There are very practical reasons to keep abiogenesis and evolution separate. For example, different lines of evidence are used for the two subjects. I can point to fossils and say "There's proof of evolution". If you entangle abiogenesis in the definition of evolution those fossils are no longer proof of evolution, as horse teeth have nothing to do with how life arose. Similarly, a biogeochemist can point to a chemical trace fossil and say "There's proof of abiogenesis". If you entangel the two definitions it's no longer proof of anything, because it has nothing to do with how organisms evolve.
There's also very different types of evidence. Evolutionary biologists look at molecular biology, fossils, family trees, etc. Abiogenesis researchers look at Hadean atmospheric chemistry, primordial soup chemistry, and the like (using the "primordial soup" term loosely here; basically I'm refering to the oceans at the time). In historical sciences that alone is enough to differentiate between two fields. Geochemistry includes aquious and isotopic geochemistry (and isotopic includes radioactive and stable isotopic geochemistry), based on what you're looking for and how you're finding the answers--never mind the fact that only a fool would assume that the two aren't connected. A stratigrapher and a soils scientist look at the same data, often the same trench, but they see radically different things.
In terms of the Creationism/evolution debate, the fact that evolution is more than amply supported by the evidence, while we're still working on the whole abiogenesis thing, is reason enough to keep them separate. This deprives Creationists of the argument "We don't know how life arose, therefore we don't know how animals evolved in general, therefore God", an argument I'm sure we're all familiar with.

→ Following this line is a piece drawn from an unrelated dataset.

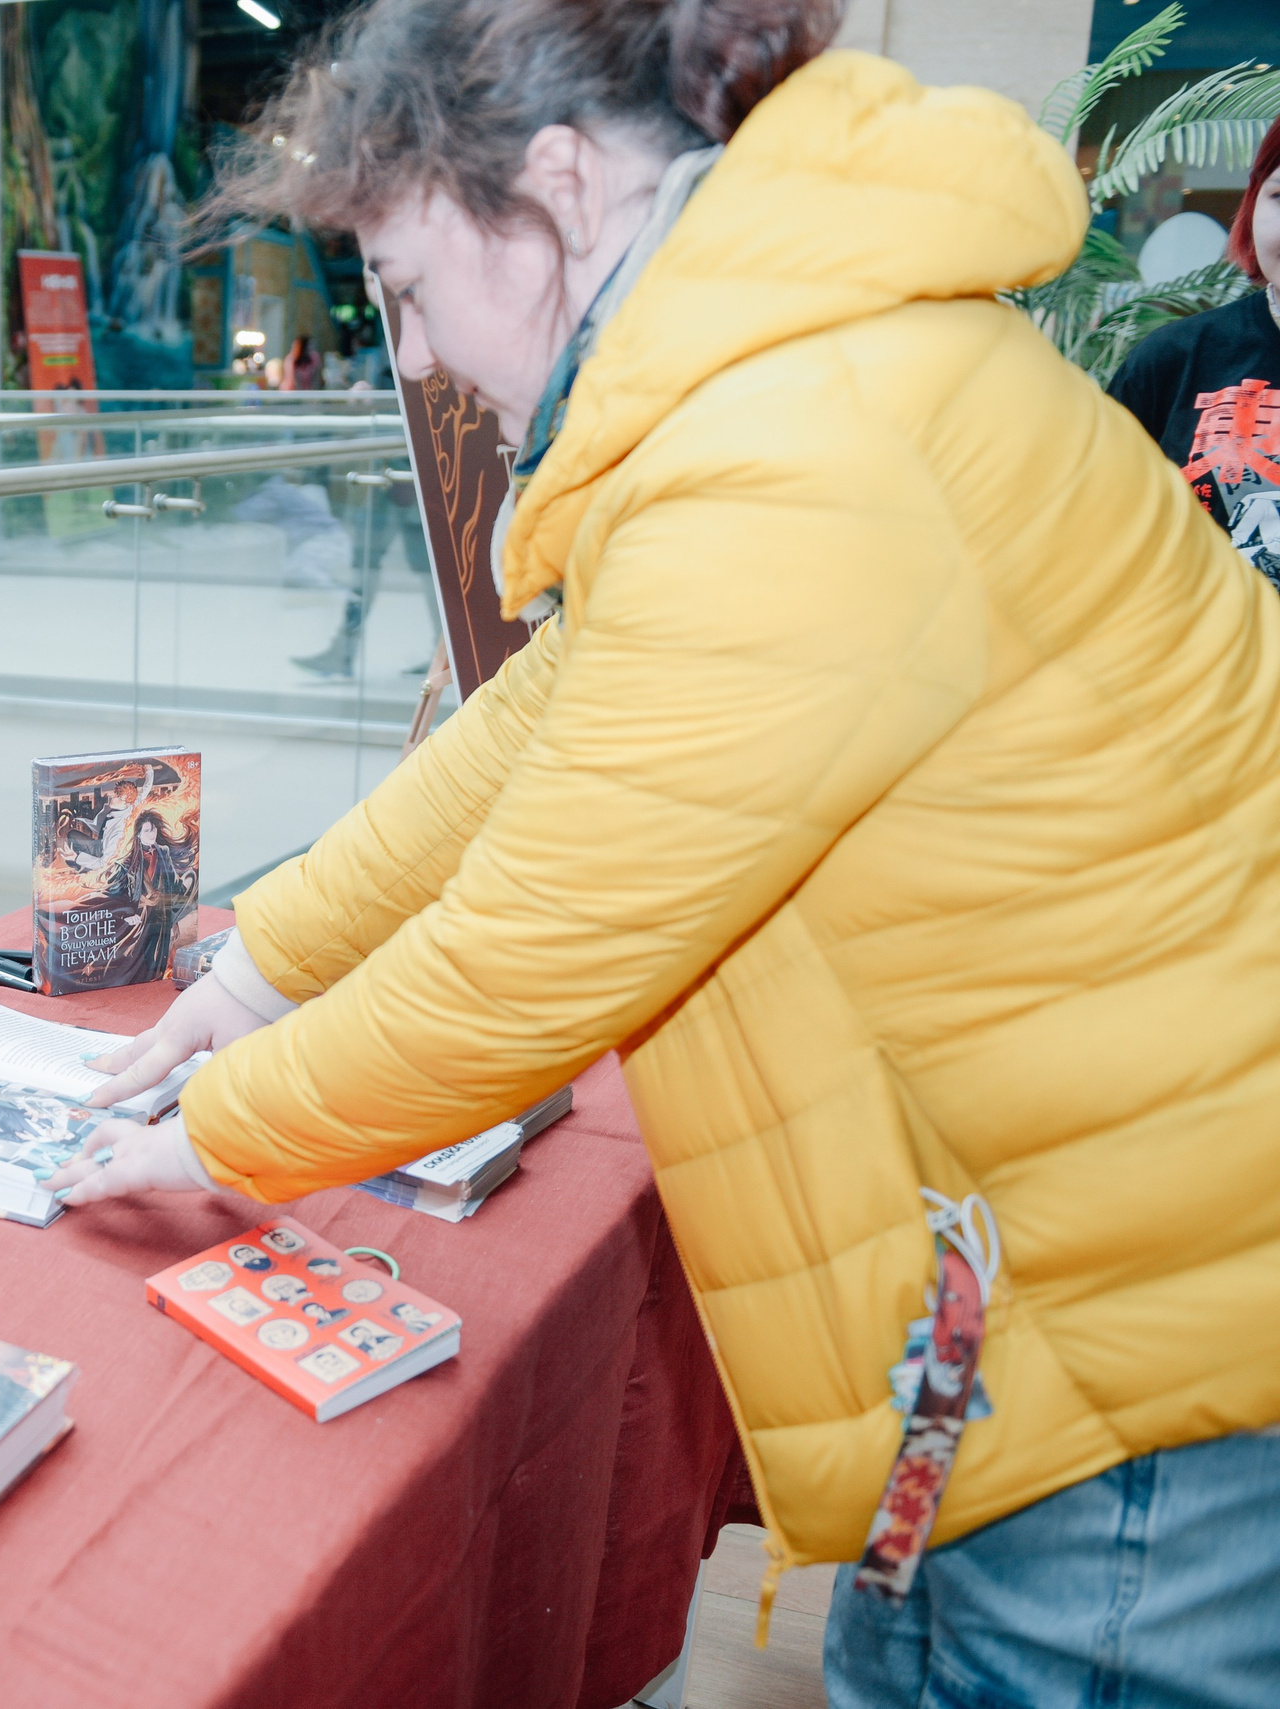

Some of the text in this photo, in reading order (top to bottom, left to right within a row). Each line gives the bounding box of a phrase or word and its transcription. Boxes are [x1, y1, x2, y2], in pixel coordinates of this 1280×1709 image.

[186, 760, 199, 769] 18+
[60, 919, 116, 942] В ОГНЕ
[61, 937, 117, 952] бушующем
[61, 945, 117, 968] ПЕЧАЛИ
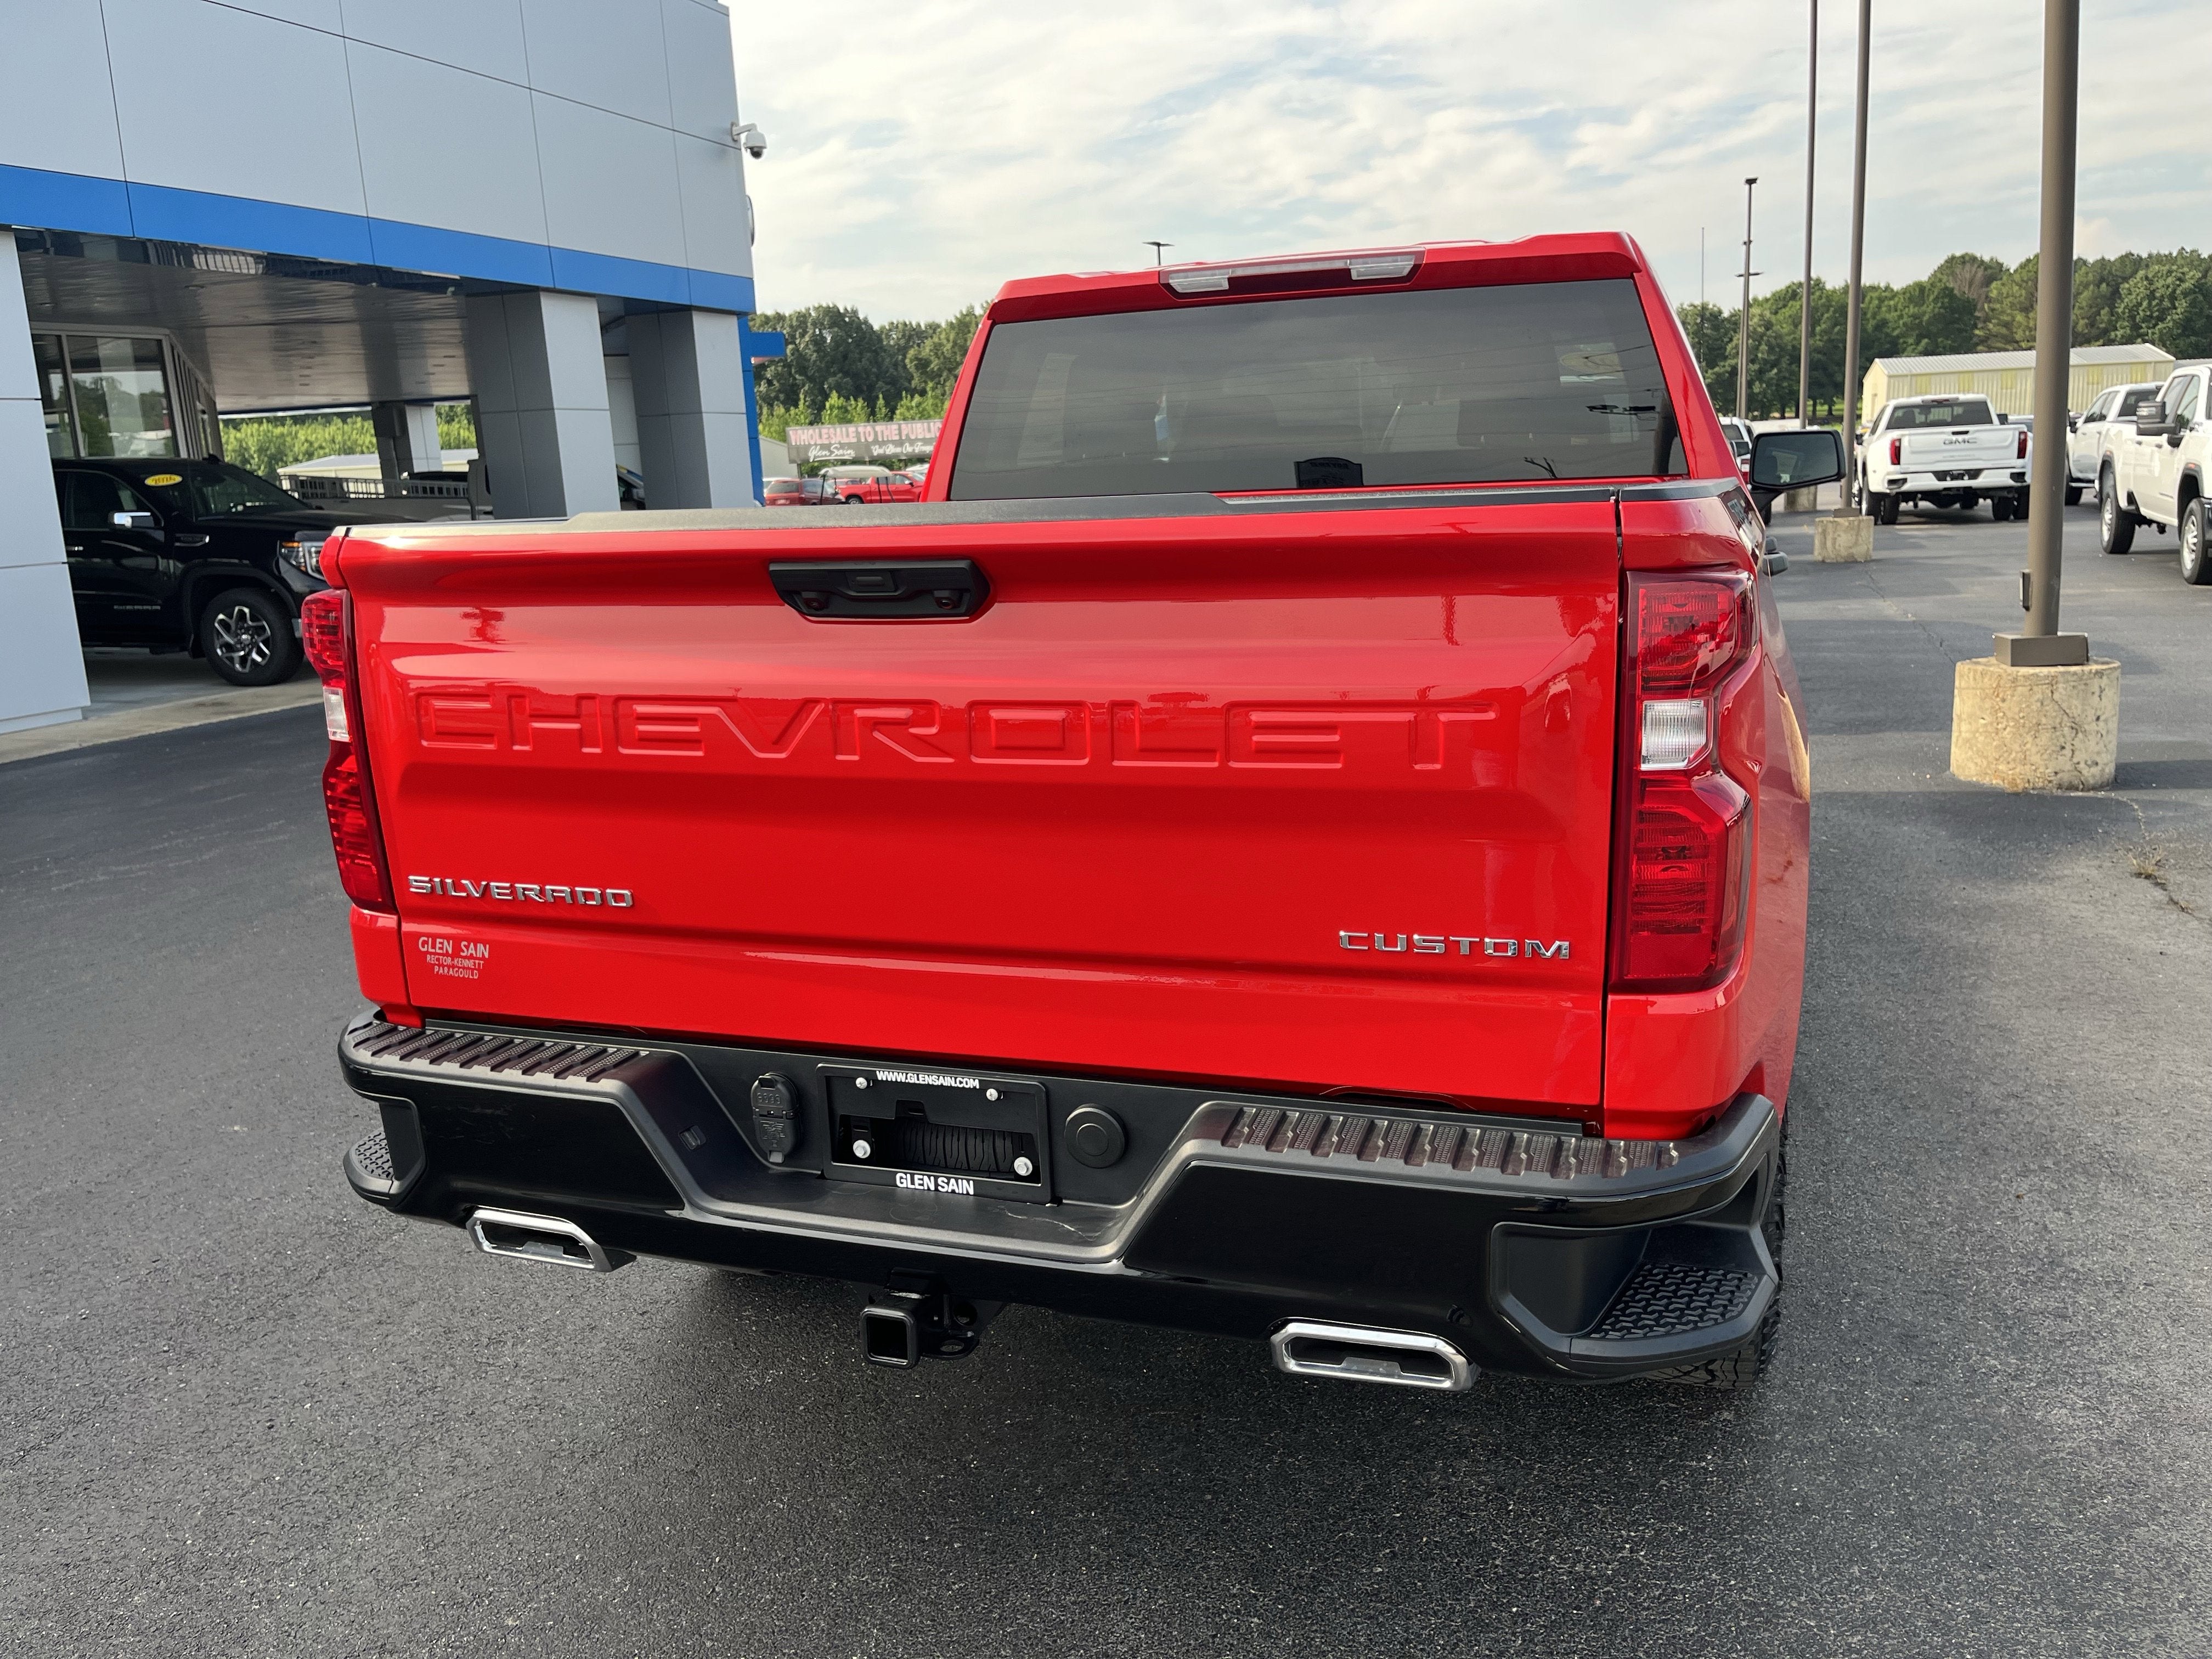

I can see that evolution and abiogenesis are two parts of a single whole, but I disagree that there's no reason to split them up. I also disagree that such a split is a cop-out on the part of an evolutionary scientist--rather, it's a sign of intellectual honesty. I study evolution. Want to know who horses react to climate change? I can find out. Want to know about recovery from mass extinctions? Cool, I can help with that. Want to know how life arose? I haven't studied that, and it would be unethical to pretend that I'm an expert in the subject.
Think of it this way: If we can split vertebrate and invertebrate paleontology (and further--marine vertebrate paleo vs. terrestrial vertebrate paleo!), there's no reason to cry foul when someone wants to split evolution and abiogenesis.